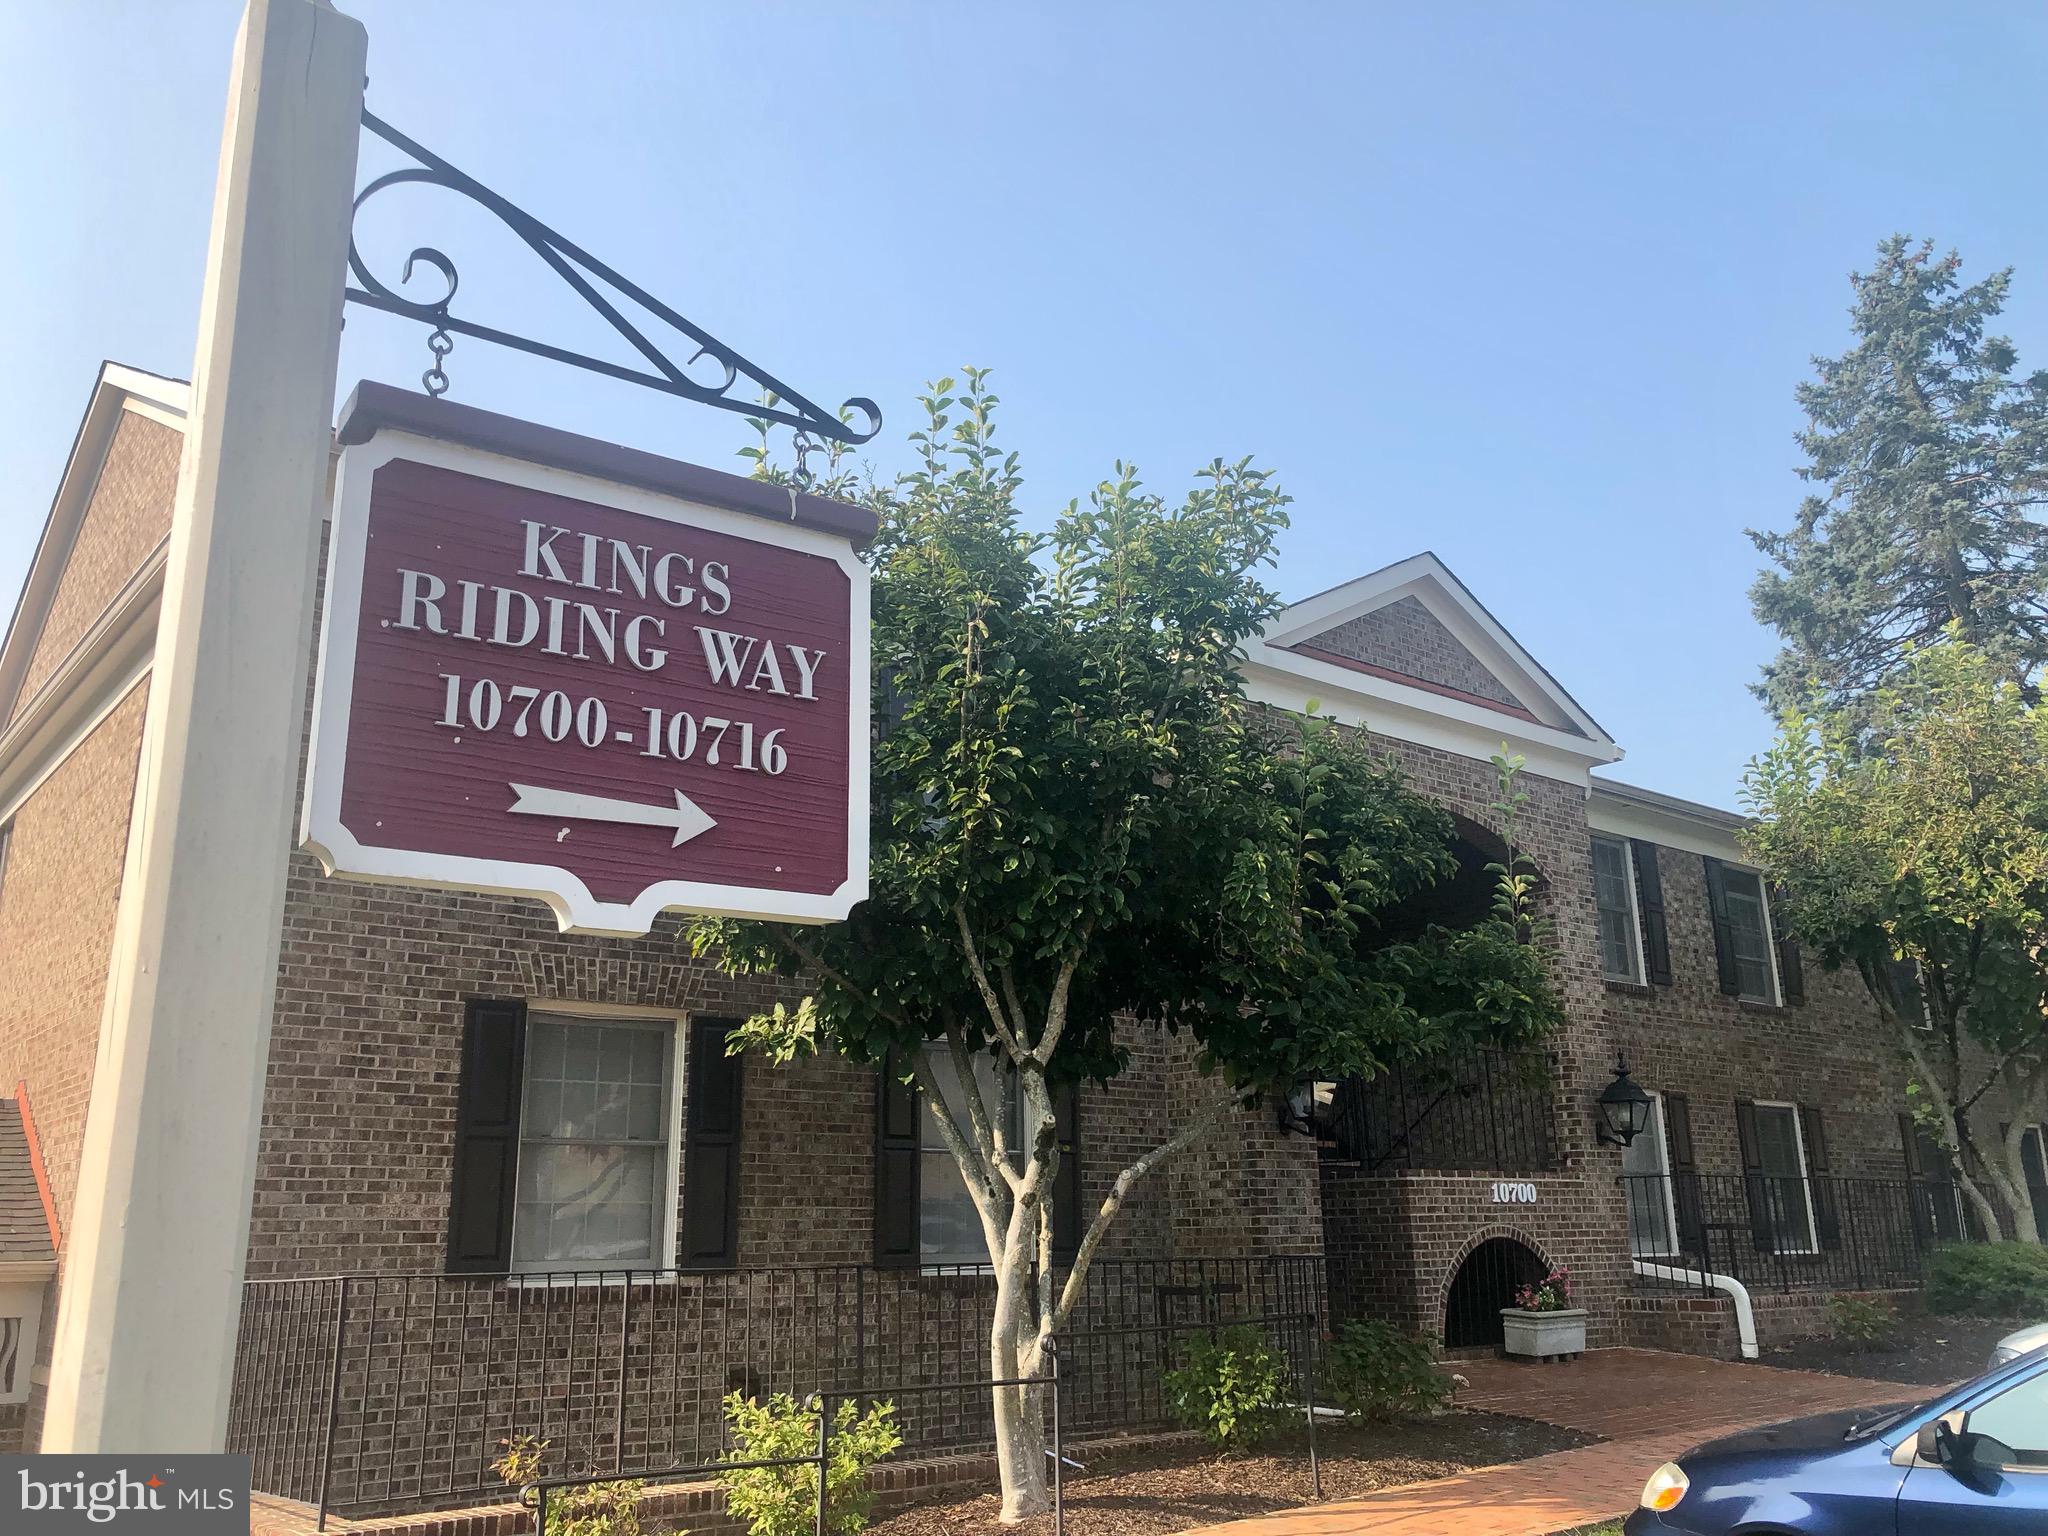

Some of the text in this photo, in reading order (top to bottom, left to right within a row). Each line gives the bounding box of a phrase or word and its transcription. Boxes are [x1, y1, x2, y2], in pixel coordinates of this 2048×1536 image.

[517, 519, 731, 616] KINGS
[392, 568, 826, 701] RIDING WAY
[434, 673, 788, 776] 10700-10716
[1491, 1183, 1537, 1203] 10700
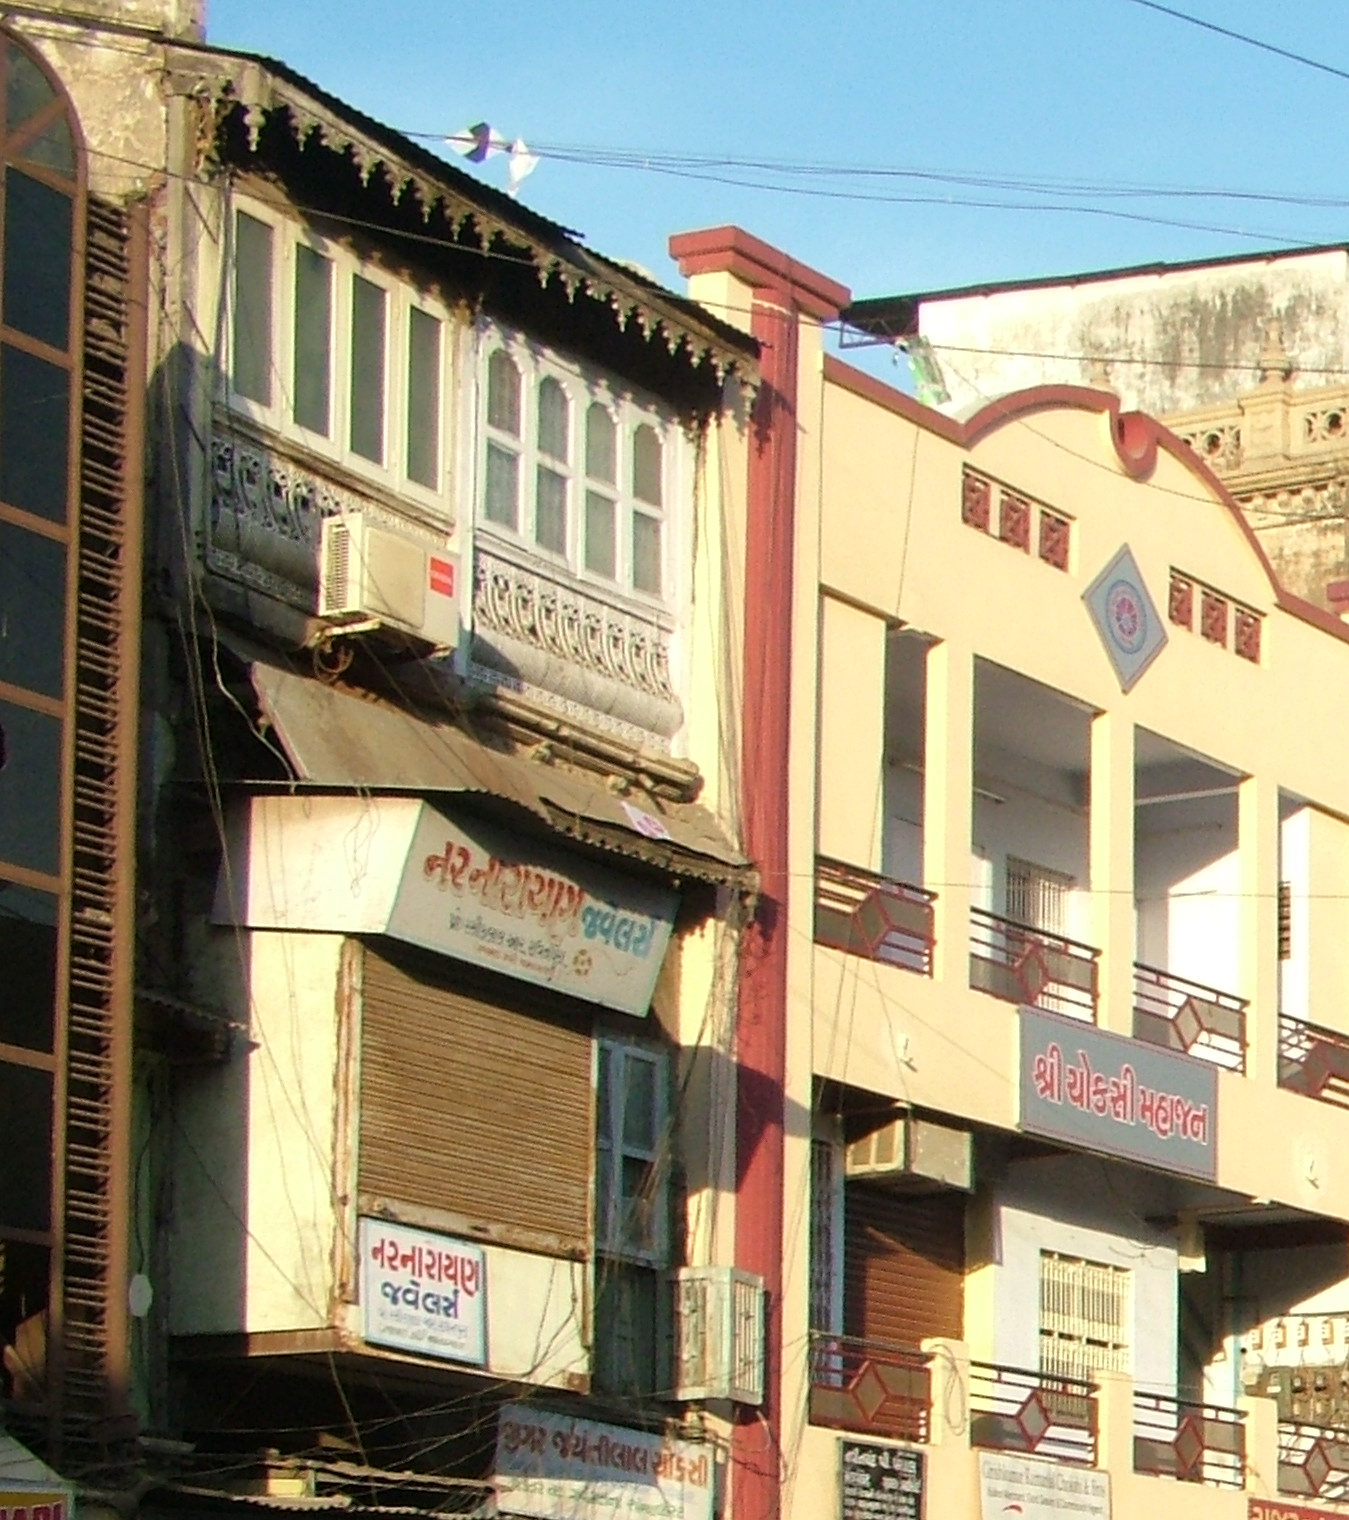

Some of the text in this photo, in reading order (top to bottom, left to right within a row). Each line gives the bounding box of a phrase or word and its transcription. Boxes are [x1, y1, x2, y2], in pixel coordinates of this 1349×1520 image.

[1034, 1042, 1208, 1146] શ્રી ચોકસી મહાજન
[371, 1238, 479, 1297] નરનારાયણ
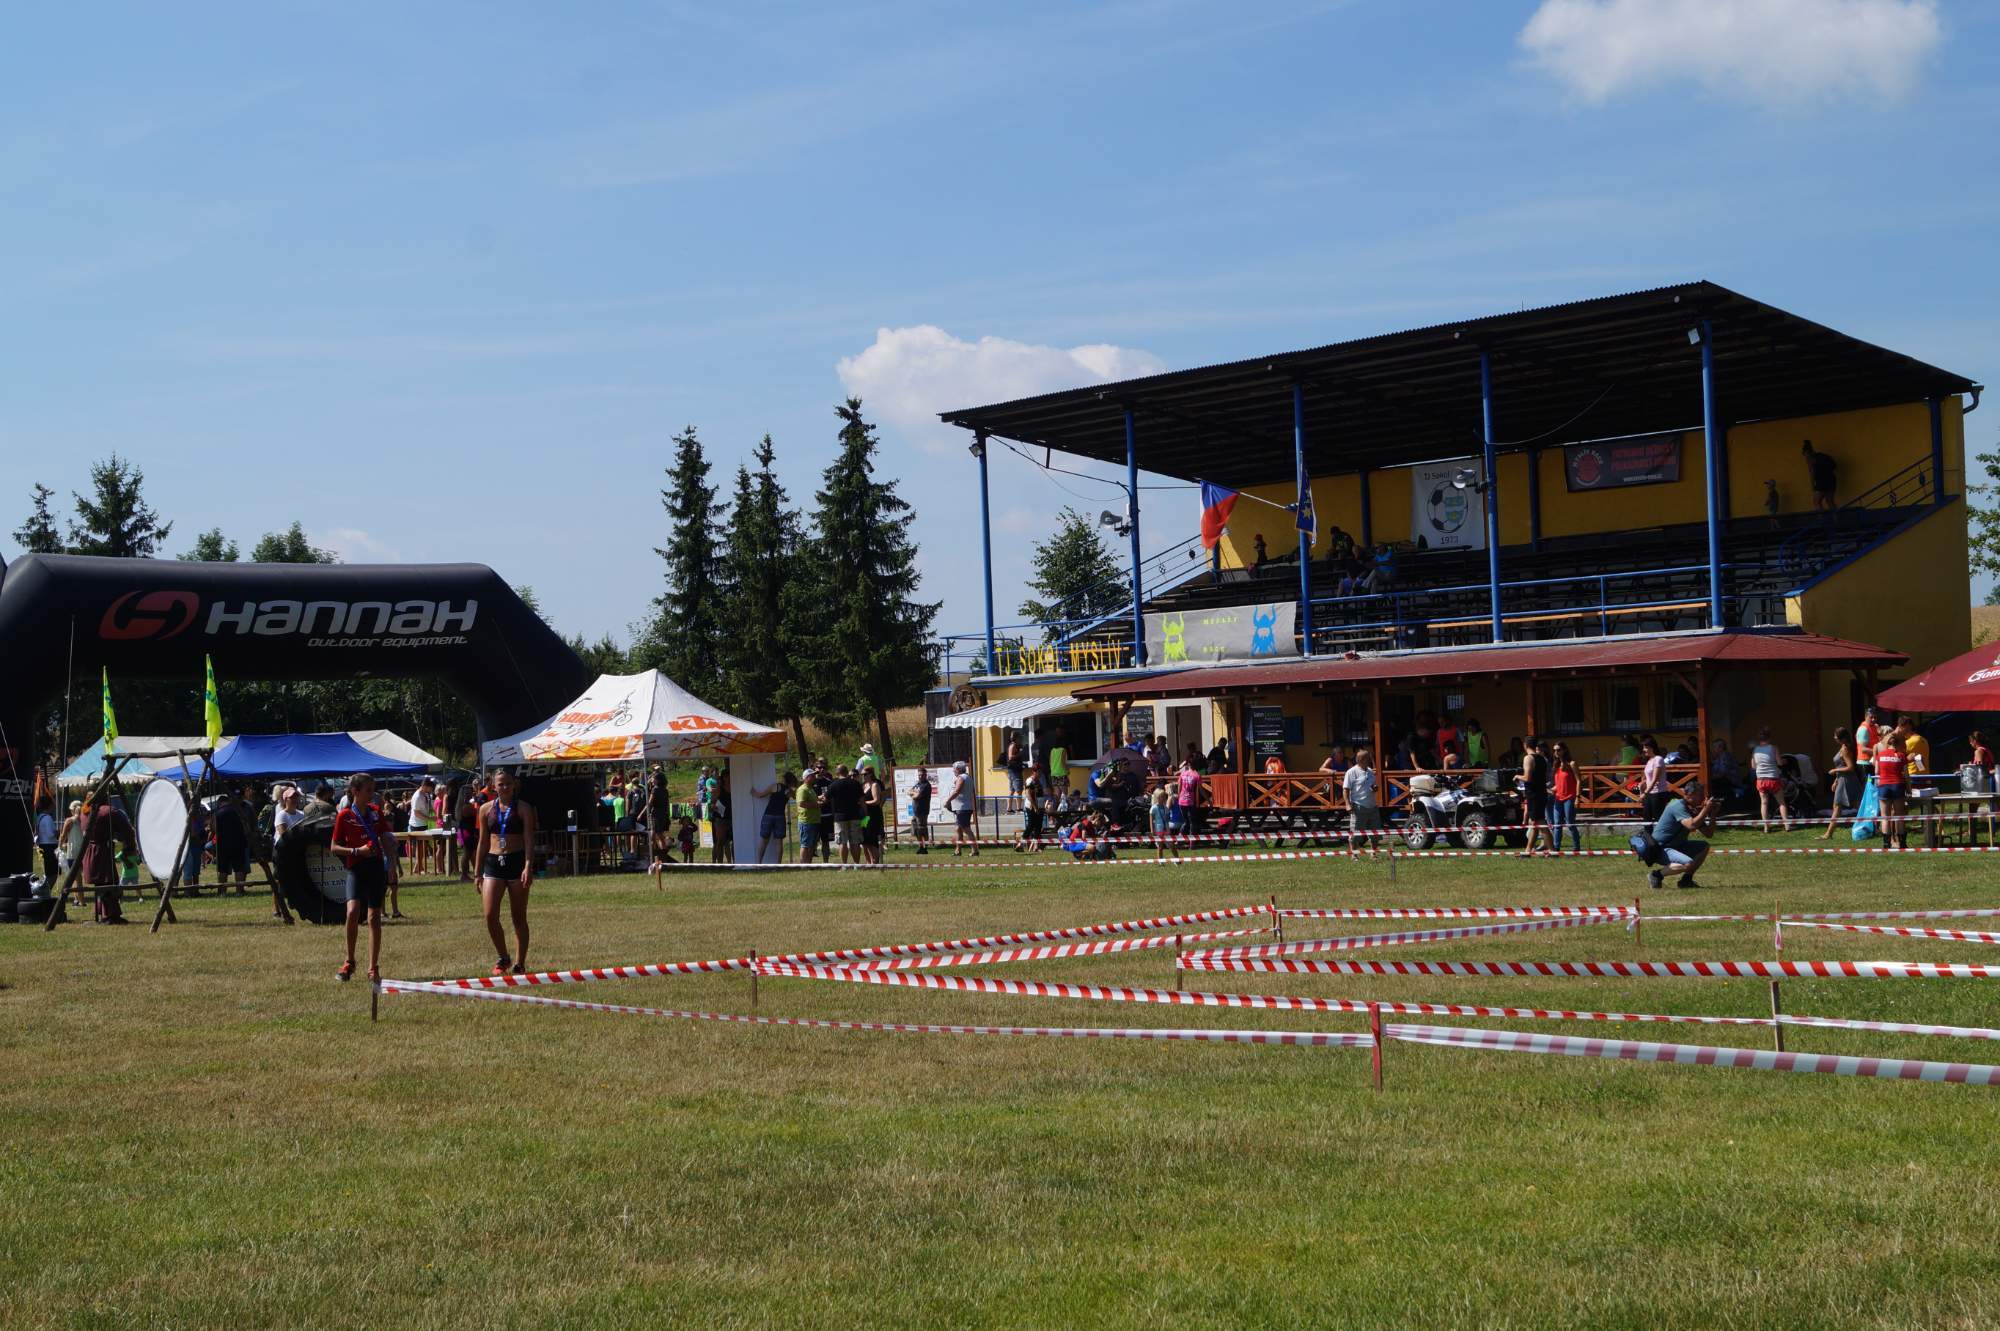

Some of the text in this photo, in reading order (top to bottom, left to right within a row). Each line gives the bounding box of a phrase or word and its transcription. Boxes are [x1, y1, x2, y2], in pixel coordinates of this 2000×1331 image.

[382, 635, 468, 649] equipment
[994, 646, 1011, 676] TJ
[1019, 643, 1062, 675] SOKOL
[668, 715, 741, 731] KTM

=-=-=

WHAT YOU WILL DO ▸ Keeping every word as it is, write out all the data and omit the pictures.

RESPONSE BOX ▸
Some of the text in this photo, in reading order (top to bottom, left to right within a row). Each line gives the bounding box of a phrase or word and its transcription. Boxes are [x1, y1, x2, y2], in pixel coordinates of this 2048×1536 image.

[517, 519, 731, 616] KINGS
[392, 568, 826, 701] RIDING WAY
[434, 673, 788, 776] 10700-10716
[1491, 1183, 1537, 1203] 10700

Some of the text in this photo, in reading order (top to bottom, left to right within a row). Each line gives the bounding box of a phrase or word and its transcription. Boxes are [x1, y1, x2, y2], in pixel coordinates of this 1349×1520 image.

[1034, 1042, 1208, 1146] શ્રી ચોકસી મહાજન
[371, 1238, 479, 1297] નરનારાયણ

Some of the text in this photo, in reading order (top to bottom, left to right within a row). Each line gives the bounding box of a phrase or word and its transcription. Boxes are [x1, y1, x2, y2], in pixel coordinates of this 2000×1331 image.

[382, 635, 468, 649] equipment
[994, 646, 1011, 676] TJ
[1019, 643, 1062, 675] SOKOL
[668, 715, 741, 731] KTM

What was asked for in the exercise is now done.